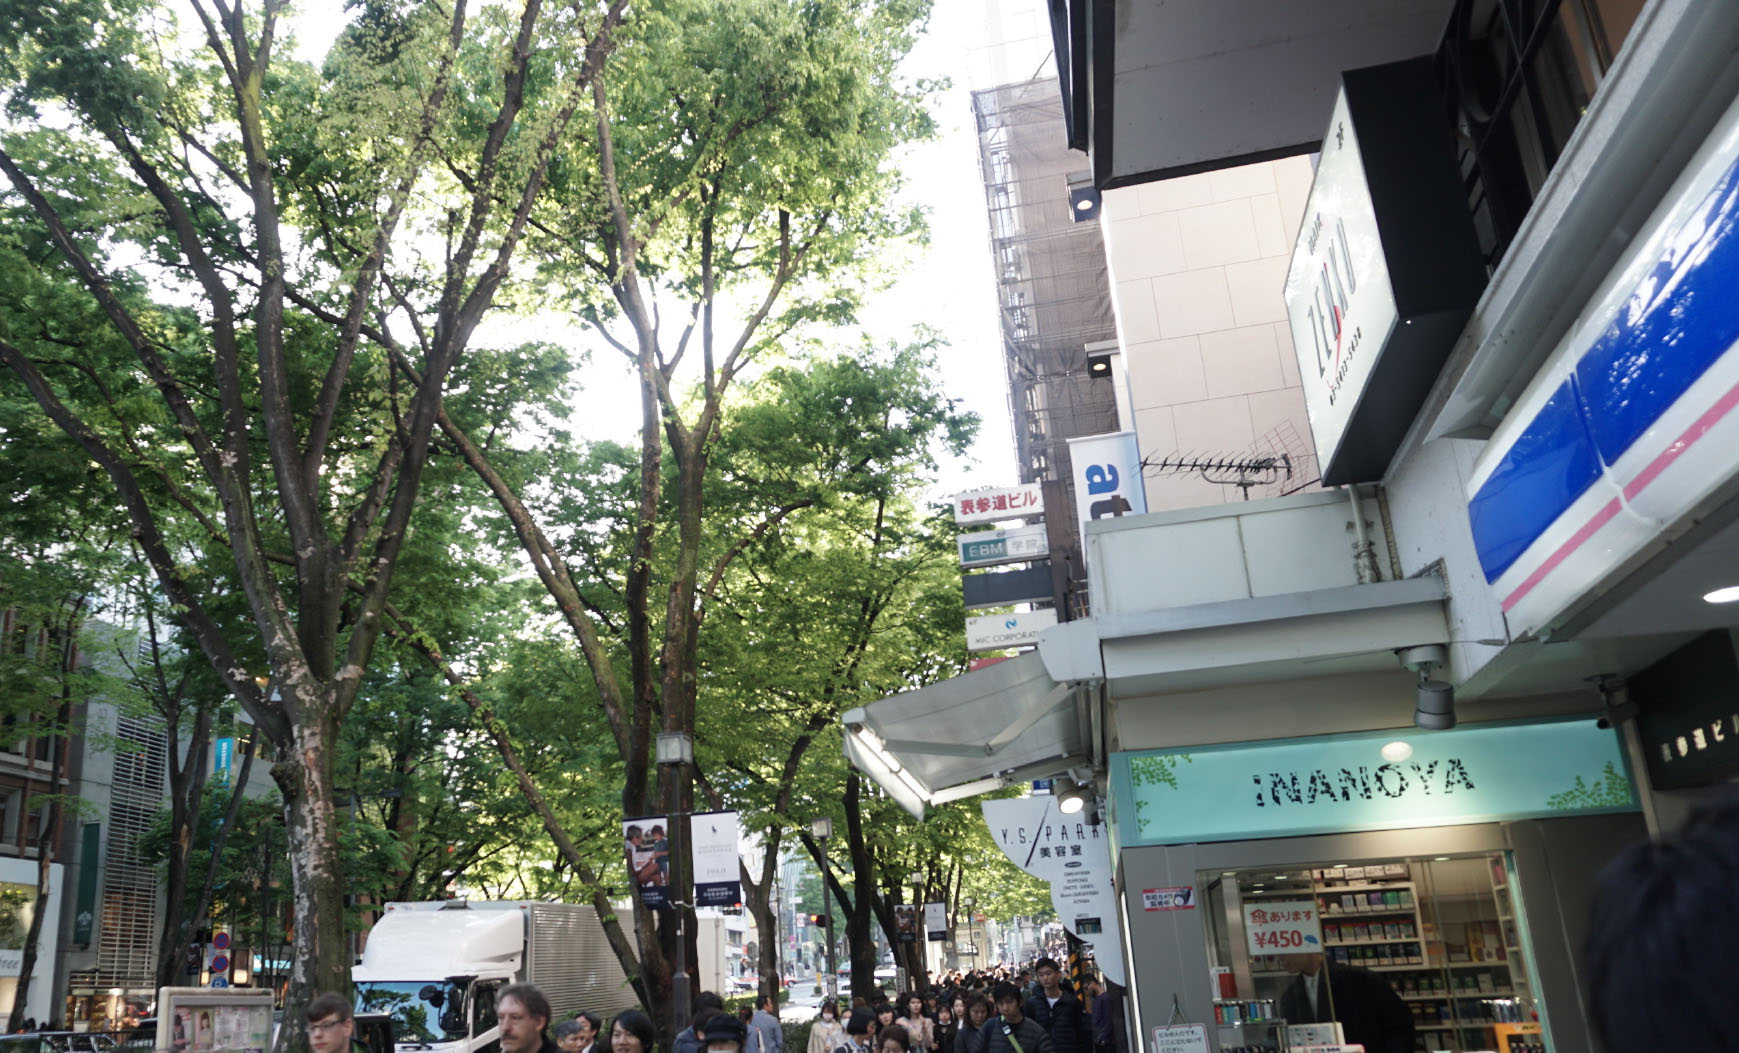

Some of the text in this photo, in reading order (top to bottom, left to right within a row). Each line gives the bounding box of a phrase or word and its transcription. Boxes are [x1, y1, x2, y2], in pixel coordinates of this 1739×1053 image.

[960, 490, 1037, 515] 表参道ビル
[969, 542, 1003, 557] EBM
[992, 630, 1039, 642] CORPORAT
[1253, 758, 1475, 807] INANOYA
[1040, 845, 1082, 858] 美容室
[1250, 909, 1313, 926] 傘あります
[1254, 930, 1303, 949] ¥450

════════

▸ **Task directions**: Your answer should copy the listing word for word, with no pictures in it.

▸ **Result of the task**:
Some of the text in this photo, in reading order (top to bottom, left to right within a row). Each line gives the bounding box of a phrase or word and its transcription. Boxes are [x1, y1, x2, y2], in pixel coordinates of this 1739×1053 image.

[960, 490, 1037, 515] 表参道ビル
[969, 542, 1003, 557] EBM
[992, 630, 1039, 642] CORPORAT
[1253, 758, 1475, 807] INANOYA
[1040, 845, 1082, 858] 美容室
[1250, 909, 1313, 926] 傘あります
[1254, 930, 1303, 949] ¥450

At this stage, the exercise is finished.